Start of Block

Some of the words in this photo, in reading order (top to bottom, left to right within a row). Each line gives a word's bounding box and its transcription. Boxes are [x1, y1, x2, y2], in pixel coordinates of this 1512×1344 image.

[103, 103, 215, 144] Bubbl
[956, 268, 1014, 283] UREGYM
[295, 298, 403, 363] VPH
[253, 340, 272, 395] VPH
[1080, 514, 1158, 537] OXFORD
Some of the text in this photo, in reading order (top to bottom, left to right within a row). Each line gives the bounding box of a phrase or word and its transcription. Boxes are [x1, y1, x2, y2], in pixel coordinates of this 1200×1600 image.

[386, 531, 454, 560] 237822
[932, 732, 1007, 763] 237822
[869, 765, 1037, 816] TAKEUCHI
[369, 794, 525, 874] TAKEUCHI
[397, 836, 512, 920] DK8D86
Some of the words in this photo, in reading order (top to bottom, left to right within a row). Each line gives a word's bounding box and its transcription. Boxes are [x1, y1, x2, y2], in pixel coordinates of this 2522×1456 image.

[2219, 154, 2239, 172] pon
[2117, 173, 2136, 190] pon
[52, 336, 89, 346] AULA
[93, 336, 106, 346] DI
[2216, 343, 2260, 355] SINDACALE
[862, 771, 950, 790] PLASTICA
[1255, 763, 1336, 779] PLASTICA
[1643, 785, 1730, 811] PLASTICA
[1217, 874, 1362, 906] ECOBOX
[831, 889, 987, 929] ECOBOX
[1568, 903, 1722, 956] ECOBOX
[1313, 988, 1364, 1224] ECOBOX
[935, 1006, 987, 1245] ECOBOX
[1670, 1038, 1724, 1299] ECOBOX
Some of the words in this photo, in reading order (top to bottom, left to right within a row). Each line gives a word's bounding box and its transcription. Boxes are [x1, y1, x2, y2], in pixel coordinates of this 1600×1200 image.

End of Block

§ **What you should do**: Copy all the data. Match it exactly.

§ **Answer to this task**:
Some of the words in this photo, in reading order (top to bottom, left to right within a row). Each line gives a word's bounding box and its transcription. Boxes are [x1, y1, x2, y2], in pixel coordinates of this 1512×1344 image.

[103, 103, 215, 144] Bubbl
[956, 268, 1014, 283] UREGYM
[295, 298, 403, 363] VPH
[253, 340, 272, 395] VPH
[1080, 514, 1158, 537] OXFORD
Some of the text in this photo, in reading order (top to bottom, left to right within a row). Each line gives the bounding box of a phrase or word and its transcription. Boxes are [x1, y1, x2, y2], in pixel coordinates of this 1200×1600 image.

[386, 531, 454, 560] 237822
[932, 732, 1007, 763] 237822
[869, 765, 1037, 816] TAKEUCHI
[369, 794, 525, 874] TAKEUCHI
[397, 836, 512, 920] DK8D86
Some of the words in this photo, in reading order (top to bottom, left to right within a row). Each line gives a word's bounding box and its transcription. Boxes are [x1, y1, x2, y2], in pixel coordinates of this 2522×1456 image.

[2219, 154, 2239, 172] pon
[2117, 173, 2136, 190] pon
[52, 336, 89, 346] AULA
[93, 336, 106, 346] DI
[2216, 343, 2260, 355] SINDACALE
[862, 771, 950, 790] PLASTICA
[1255, 763, 1336, 779] PLASTICA
[1643, 785, 1730, 811] PLASTICA
[1217, 874, 1362, 906] ECOBOX
[831, 889, 987, 929] ECOBOX
[1568, 903, 1722, 956] ECOBOX
[1313, 988, 1364, 1224] ECOBOX
[935, 1006, 987, 1245] ECOBOX
[1670, 1038, 1724, 1299] ECOBOX
Some of the words in this photo, in reading order (top to bottom, left to right within a row). Each line gives a word's bounding box and its transcription. Boxes are [x1, y1, x2, y2], in pixel coordinates of this 1600×1200 image.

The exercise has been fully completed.